UPI Science News
CHICAGO, Nov. 29 (UPI) -- Doctors said Monday elderly women who develop
breast cancer should be treated aggressively with chemotherapy and
radiation because most of them die of their cancer, not some other
disease of old age.
''Doctors may feel that older women will probably die of something else
before the breast cancer,'' said Dr. Peter Johnstone, head of the
radiation oncology division at the Naval Medical Center, San Diego,
''or doctors may consider older women too frail to treat aggressively.
But that's not always the case.''
In data presented at the annual meeting of the Radiological Society of
North America in Chicago, Johnstone said 58 percent of the women over
age 75 eventually died of breast cancer -- even though 80 percent of
them had other potentially life-threatening medical conditions such as
high blood pressure, heart disease and diabetes.
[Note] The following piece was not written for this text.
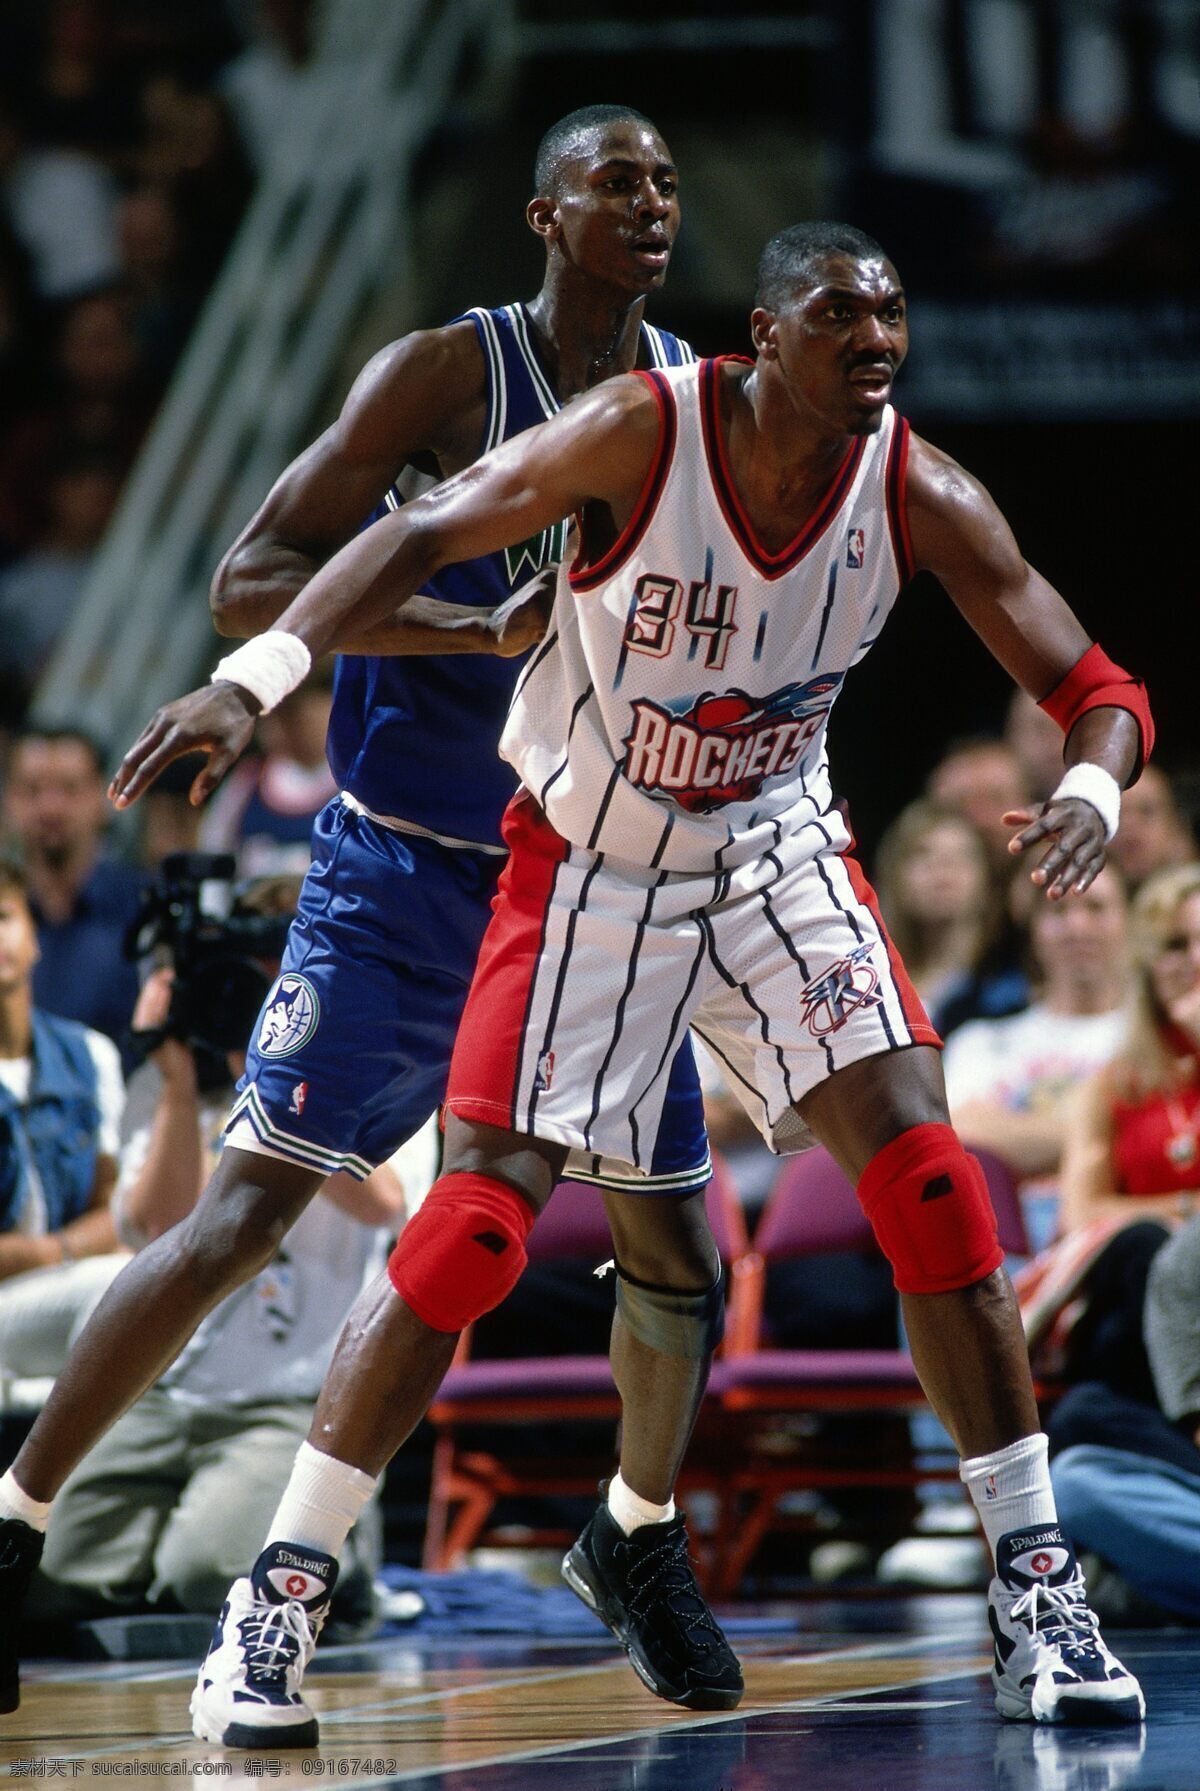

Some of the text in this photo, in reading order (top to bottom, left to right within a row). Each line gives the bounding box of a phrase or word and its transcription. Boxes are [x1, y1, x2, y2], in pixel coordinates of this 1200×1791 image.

''It looks like we could be more aggressive in treating these women,''
Johnstone said. ''People are living longer and better, and age and
coexisting medical problems seem less important than we previously
considered.''
The data correlate with a recent Institute of Medicine report that
elderly women are less likely to receive radiation and chemotherapy
therapy for breast cancer.
When researchers at the Naval Medical Center and the Tripler Army
Medical Center in Honolulu looked at their records of 68 women over age
75 with breast cancer, Johnstone said he was surprised to find that the
patients were not getting what might be considered standard of care
treatment.
During the 10-year period investigated 30 women received lumpectomies,
but only 64 percent of them also received radiation. In the United
States, 80 percent of women who have the breast conserving surgery also
receive radiation.
Thirty-four women underwent mastectomy, but only 17 percent of these
women who had cancer that spread to lymph nodes were given
chemotherapy. Younger women with similar conditions receive
chemotherapy 60 percent of the time.
The only treatment given to six women in the study was a biopsy of the
tumor.
''Few of these women refused treatment,'' Johnstone said. ''Nonstandard
therapy in these cases may reflect widely held assumptions that
aggressive therapy is riskier in older patients, or that older patients
may die of their other medical problems before the cancer progresses.''
He noted that the life expectancy of a women 75 years of age is 11
years and that the American Cancer Society predicts that 10,000 women
over age 80 will die of breast cancer this year.